Weather-wise, both northern Kazakhstan and key Russian flax regions are still in late winter, with typical continental conditions – below-seasonal but not extreme cold in the north and frozen soils delaying fieldwork. Recent local commentary for northern Kazakhstan points to persistent cold around Astana and other northern regions in mid-March, but nothing indicating acute drought or excessive moisture at this stage. With planting still ahead, current weather is neutral for yield expectations; the market is more focused on policy and trade flows than on immediate crop stress.
📆 Price Outlook (3–7 Days)
- Kazakh brown organic linseed, FCA NL: Sideways to slightly firmer. Strong Chinese demand and solid EU interest for organic origin suggest buyers will need to pay at least current levels; minor upticks are possible if sellers hold back ahead of new sales programs.

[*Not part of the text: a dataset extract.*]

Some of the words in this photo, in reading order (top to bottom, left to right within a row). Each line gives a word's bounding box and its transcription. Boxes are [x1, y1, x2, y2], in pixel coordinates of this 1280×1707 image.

- Russian yellow linseed, FCA NL: Mild upward bias. Despite EU tariffs, niche demand and limited spot offers support a small premium; further 0.01–0.02 EUR/kg upside is plausible if freight or compliance costs edge higher.

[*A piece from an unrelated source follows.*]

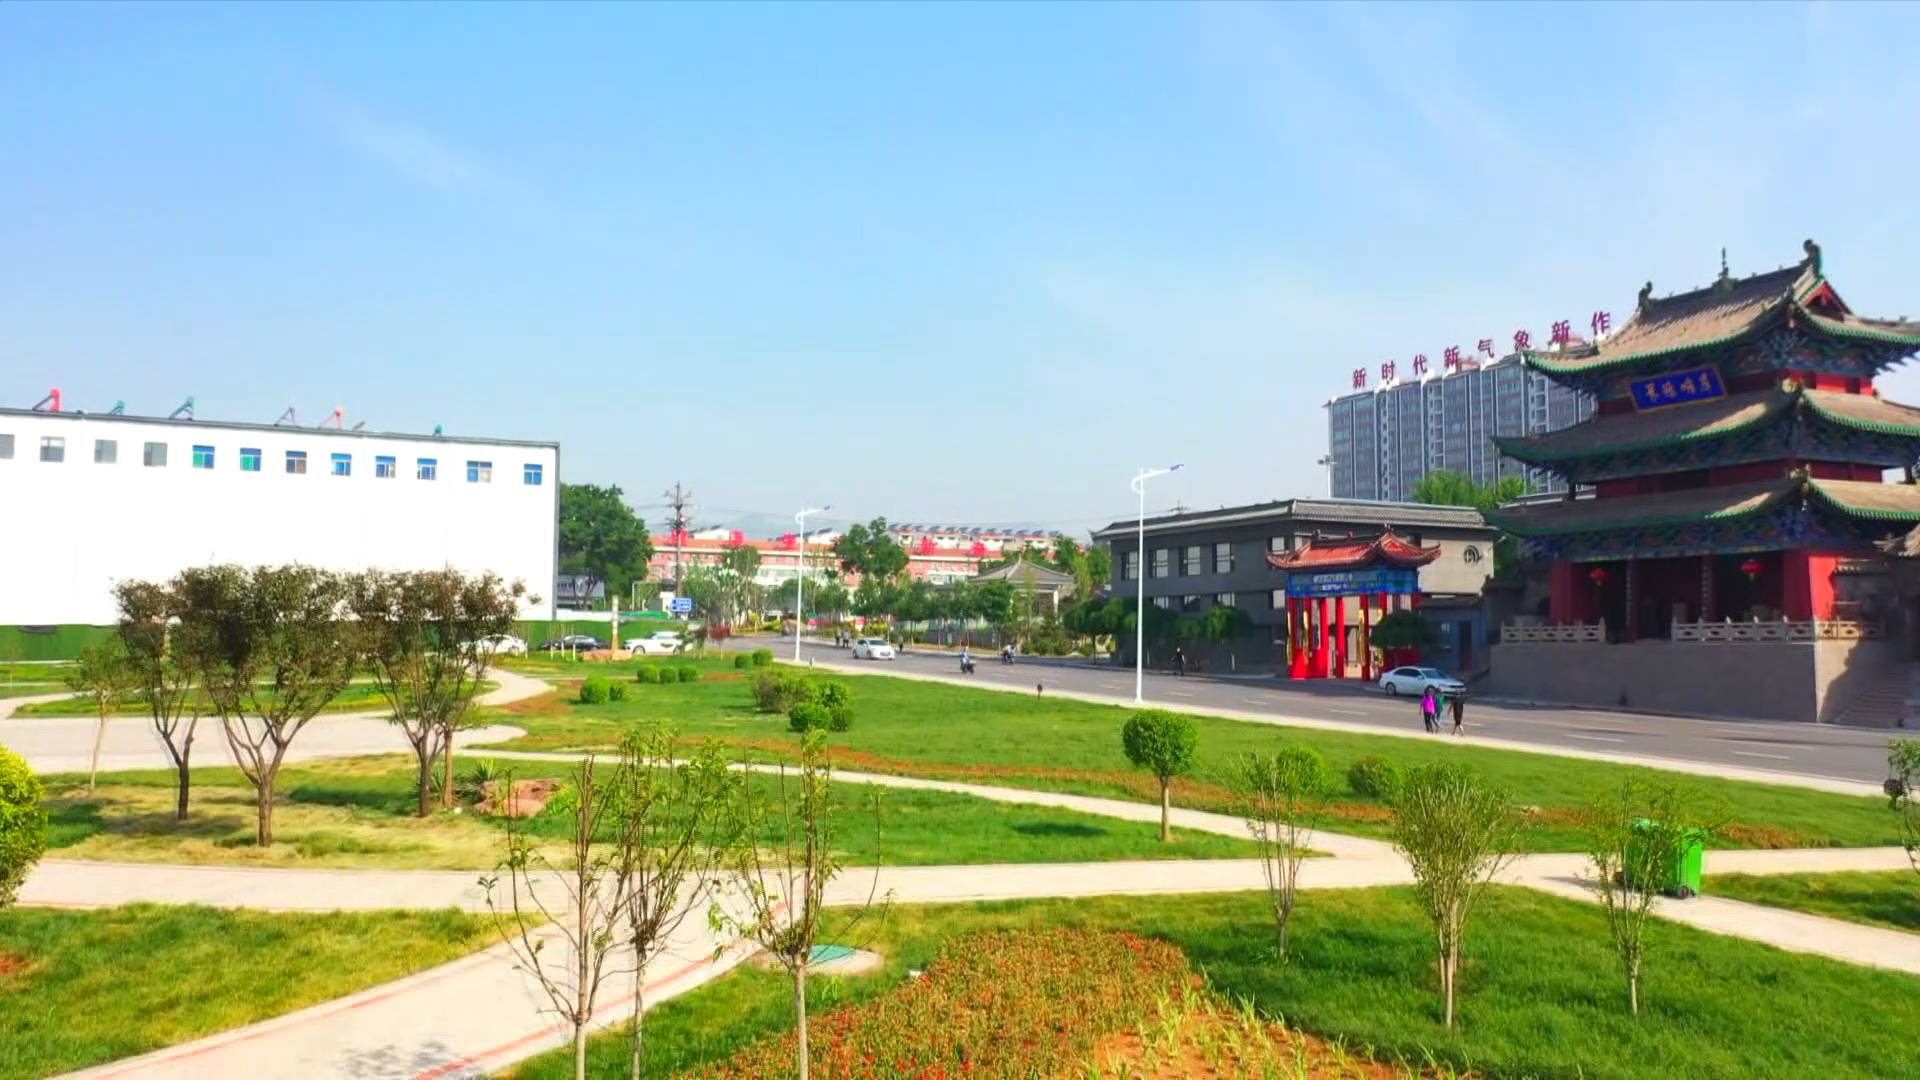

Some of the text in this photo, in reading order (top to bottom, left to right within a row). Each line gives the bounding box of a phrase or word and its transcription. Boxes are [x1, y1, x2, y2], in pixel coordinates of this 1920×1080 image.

[1352, 311, 1611, 388] 新时代新气象新作

- Spread (RU yellow – KZ brown): Likely to remain wide in the near term, reflecting quality and duty structure rather than immediate supply tightness.
🧭 Trading Recommendations
- EU crushers and food buyers: Consider covering a portion of Q2 needs in Kazakh origin at current levels; downside appears limited as Kazakh volumes are increasingly diverted to China and Russian origin faces tariff headwinds into the EU.
- Organic segment buyers: Current Kazakh organic brown linseed offers look competitive given certified supply and strong demand signals from China; use any brief dips to extend coverage.
- Producers in KZ/RU: With policy-driven support under the market, staged selling into EU and Chinese demand may capture incremental gains; avoid heavy forward selling until clearer signals on EU tariff policy and Russian duty adjustments emerge.
📍 3‑Day Regional Price Direction (KZ/RU origins into EU)
- FCA Dordrecht – Kazakh brown organic linseed: Stable to +1% over the next three trading days, assuming steady Chinese offtake and unchanged freight.
- FCA Dordrecht – Russian yellow linseed: Slightly firmer (+0–1.5%), reflecting stronger replacement costs and ongoing regulatory friction for Russian flows into the EU.
- Basis vs CBOT/ICE oilseed complex: Basis likely to remain firm as local fundamentals and policy dominate over global flat price moves in the very short term.